Eigenschaften von Bangkiraiholz

Bangkirai

Bangkirai

Wie Sie vielleicht schon unter "Woher kommt Bangkiraiholz?" gelesen haben, stammt Bangkirai aus dem südasiatischen Raum und ist in den Herkunftsländern das wichtigste Kontruktionsholz, da es auch unter den tropischen Wetterbedingungen Indonesiens oder der Wärme Indiens durch seine herausragenden Fähigkeiten zu beeindrucken weiß - auf diese verlassen sich die Menschen Südasiens seit Hunderten von Jahren.

Hierzulande wird Bangkirai aus den gleichen Gründen für andere Zwecke gebraucht: Insbesondere Gartenmöbel und Terrassendielen aus Bangkirai gewinnen immer mehr an Beliebtheit, als Konstruktionsholz wird es allerdings nicht verwendet - heimische Hölzer und Metall sind bewährt und verbreitet. Welche Eigenschaften zeichnen Bangkirai also besonders aus und rechtfertigen das Vertrauen der Leute in dieses Exotenholz?

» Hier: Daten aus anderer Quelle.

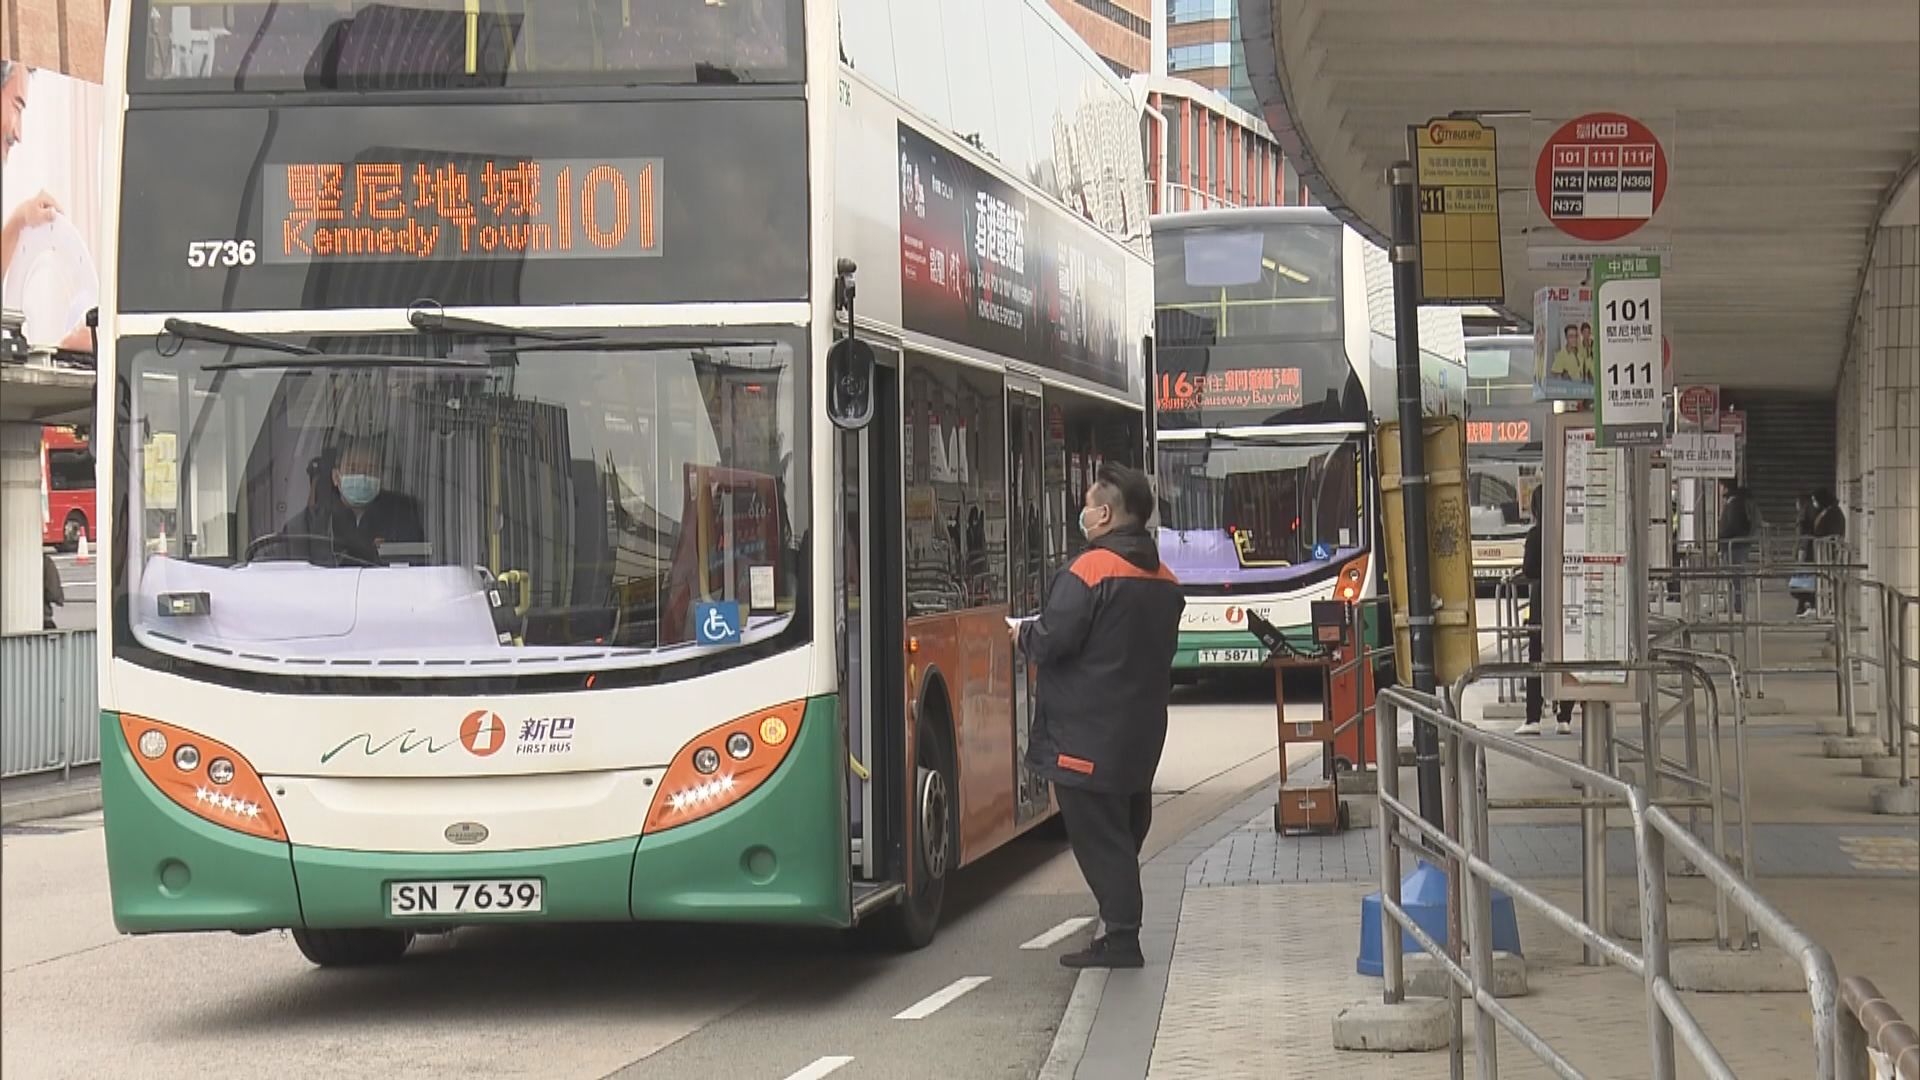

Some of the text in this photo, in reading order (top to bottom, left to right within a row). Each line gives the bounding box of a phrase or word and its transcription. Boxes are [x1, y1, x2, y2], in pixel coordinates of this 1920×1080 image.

[1592, 122, 1628, 138] KMB
[1559, 149, 1653, 164] 101 111 111P
[287, 161, 542, 220] 堅尼地城
[1554, 176, 1651, 188] N121 N182 N368
[557, 162, 656, 250] 101
[1554, 199, 1582, 212] N373
[283, 217, 552, 258] Kennedy Town
[187, 239, 256, 268] 5736
[1608, 258, 1649, 273] 中西區
[1548, 288, 1569, 301] 九巴
[1606, 298, 1650, 321] 101
[1608, 362, 1651, 385] 111
[1195, 391, 1251, 407] Causeway
[1251, 389, 1275, 405] Bay
[1277, 388, 1300, 404] only
[1497, 421, 1529, 441] 102
[1204, 650, 1253, 662] TY 5871
[519, 717, 575, 742] 新巴
[516, 742, 572, 755] FIRST BUS
[398, 884, 535, 911] SN 7639

  • Härte: Bangkirai ist ein sehr hartes Holz: Schrauben und Nägel müssen vorgebohrt werden, die Bearbeitung ist sehr aufwandsintensiv. Die Festigkeitswerte von Bangkirai liegen um etwa 50% höher als die von Eiche. Die große Härte schützt also vor mechanischen Schäden am Holz durch die tägliche Belastung.
  • Dichte: Die Dichte von ungetrocknetem Bangkiraiholz liegt bei etwa 1,3 g/cm3, nach der langwierigen Trocknung ist die Dichte des nun "darrtrockenen" Holzes auf 0,9g/cm3 gesunken. Die Dichte selbst lässt natürlich in erster Linie auf das Gewicht des Holzes schließen und ist keine unmittelbar positive Eigenschaft , soll hier aber auch genannt werden, da aus der Dichte Rückschlüsse auf die Qualität gezogen werden können.
  • Widerstandsfähigkeit/Resistenz: Neben der Härte wohl die wichtigste Fähigkeit von Bangkiraiholz ist die unglaubliche Widerstandsfähigkeit: Das Kernholz von Bangkiraibäumen zeichnet sich durch eine besondere Resistenz gegenüber Wettereinflüssen, Pilzen und Schädlingen aus. Eine Terrasse oder ein Gartenmöbel aus Bangkirai ist daher lange haltbar, ohne in seiner Festigkeit von den Umwelteinflüssen der Jahre beeinträchtigt zu werden - anders als die meisten heimischen Holzarten, die alle früher oder später Fäulnis und anderen Schäden zum Opfer fallen. Eine aufwändige Imprägnierung ist dabei nicht erforderlich, das Holz ist von Natur aus ein "harter Brocken". Sogar ätzenden Säuren und Laugen bietet Bangkiraiholz die Stirn!
  • Holzfarbe und -musterung: Bangkirai ist nicht nur ein nur schwer zu beschädigendes Holz, es ist auch in seinem Aussehen angenehm zu nutzen: Das anfangs gelblich-braune Holz dunkelt oft zu einem satten, ruhigen olivbraun nach - Holzgenuss für das Auge in Reinstform. Auffällige Farbunterschiede zwischen Kern- und Splintholz bestehen nicht, der Stamm erscheint farblich wie aus einem Guss. Gleiches gilt für die weitgehend homogene Musterung - Bangkirai ist sogar optisch ein Sinnbild von Ruhe und Beständigkeit. Einzige mögliche Ausnahme: Helle Streifen, die durch Harzkanäle im Stamm entstehen, können lebendigere Akzente setzen.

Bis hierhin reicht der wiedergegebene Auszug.